* _Exercise requirements_
Down to the last line, print the entries below exactly, and keep every picture out of the copy.

Text-to-region grounding data
....

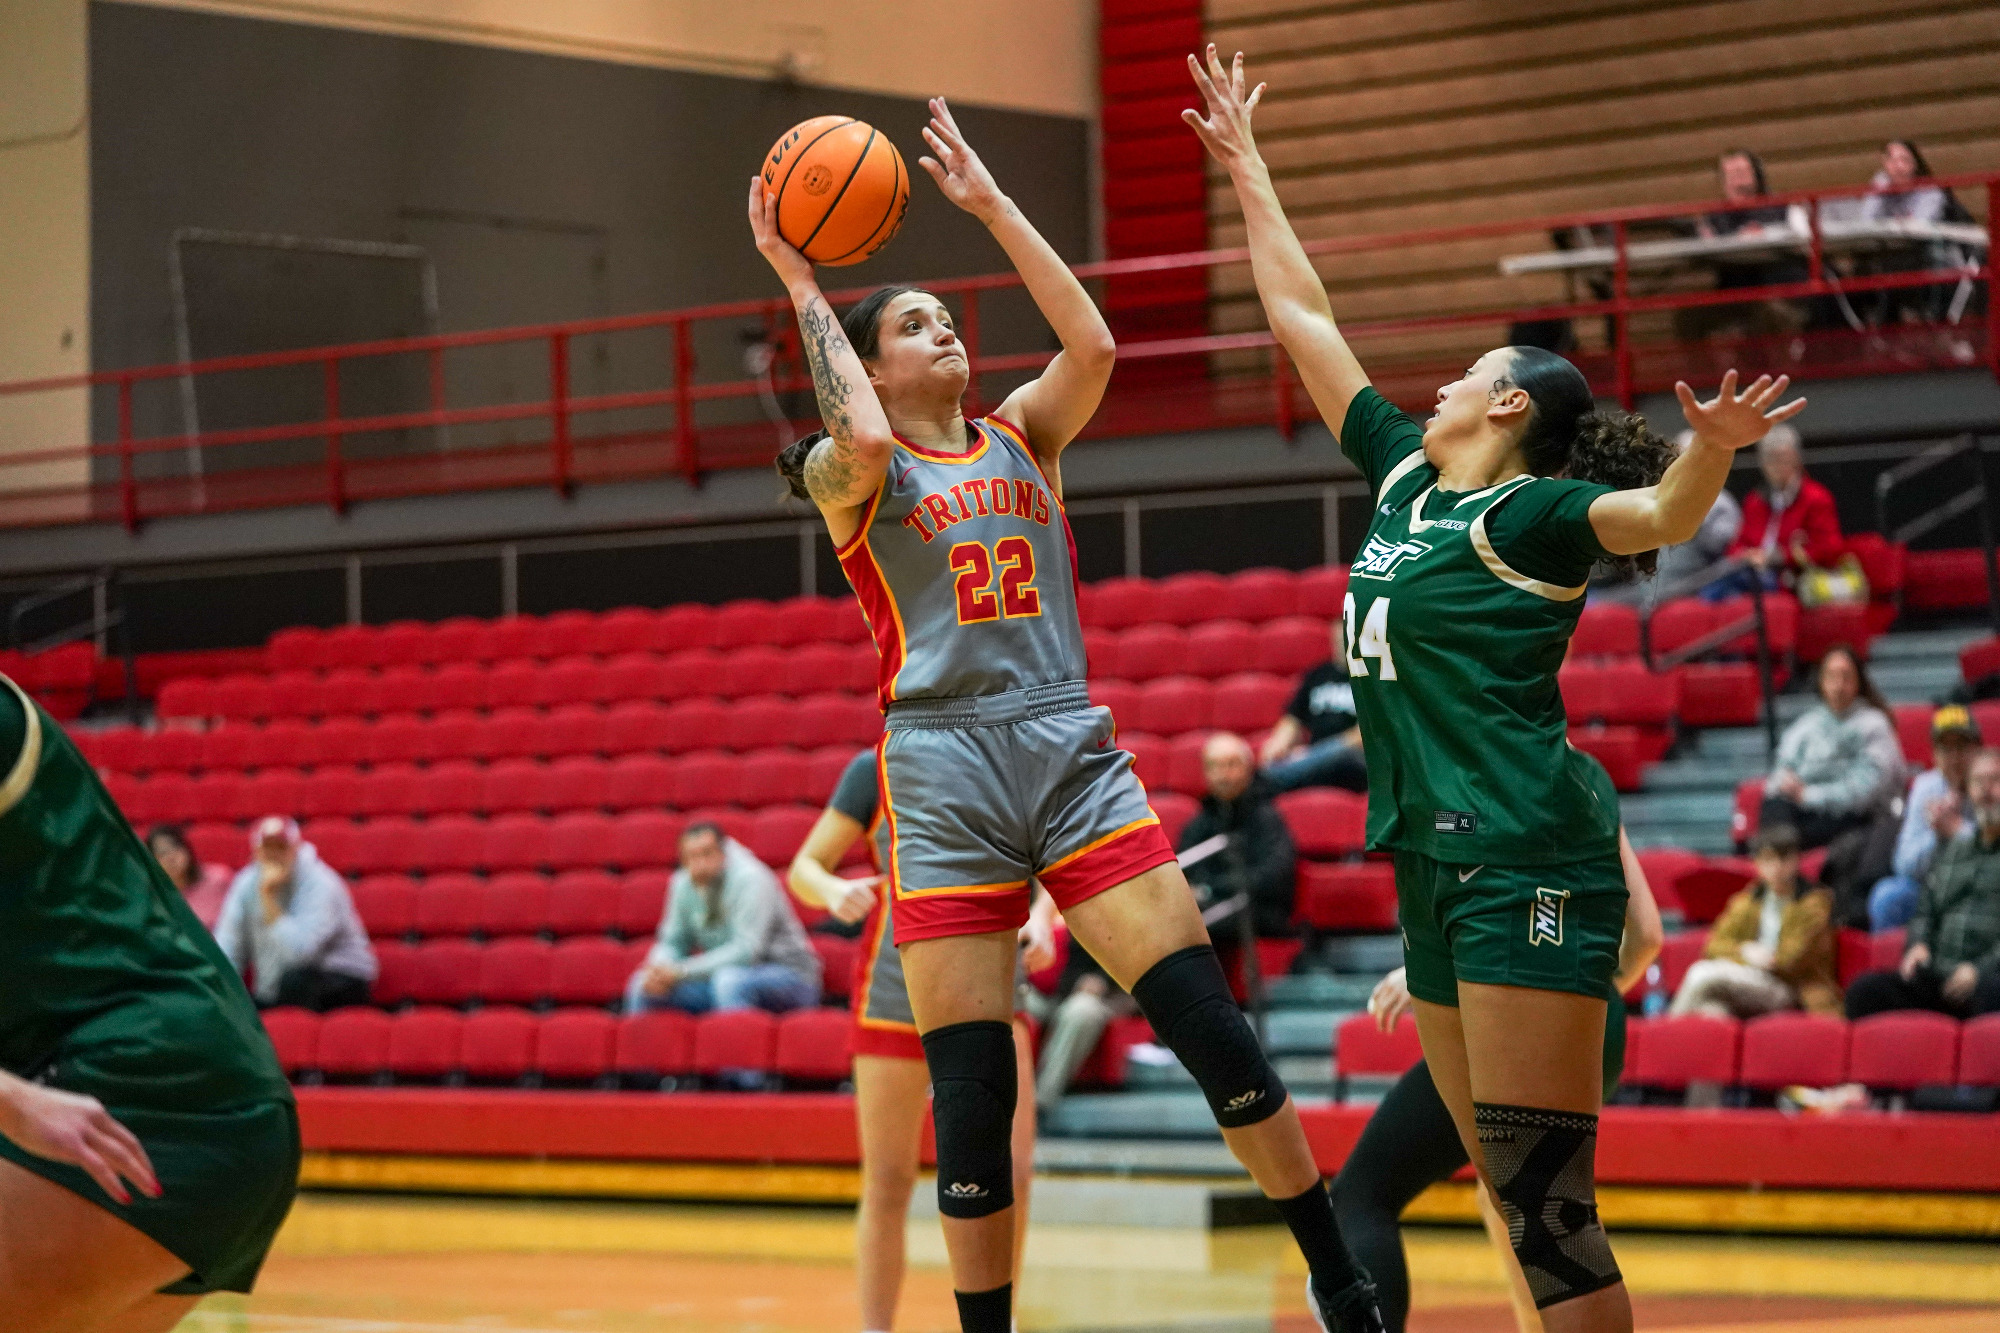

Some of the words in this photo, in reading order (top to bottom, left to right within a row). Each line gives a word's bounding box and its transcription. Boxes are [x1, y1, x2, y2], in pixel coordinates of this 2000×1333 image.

[765, 131, 799, 186] EVO
[902, 477, 1050, 544] TRITONS
[949, 536, 1042, 625] 22
[1343, 592, 1398, 681] 24
[1460, 818, 1470, 828] XL

....

* _Task output_
Some of the words in this photo, in reading order (top to bottom, left to right within a row). Each line gives a word's bounding box and its transcription. Boxes are [x1, y1, x2, y2], in pixel coordinates of this 2000×1333 image.

[765, 131, 799, 186] EVO
[902, 477, 1050, 544] TRITONS
[949, 536, 1042, 625] 22
[1343, 592, 1398, 681] 24
[1460, 818, 1470, 828] XL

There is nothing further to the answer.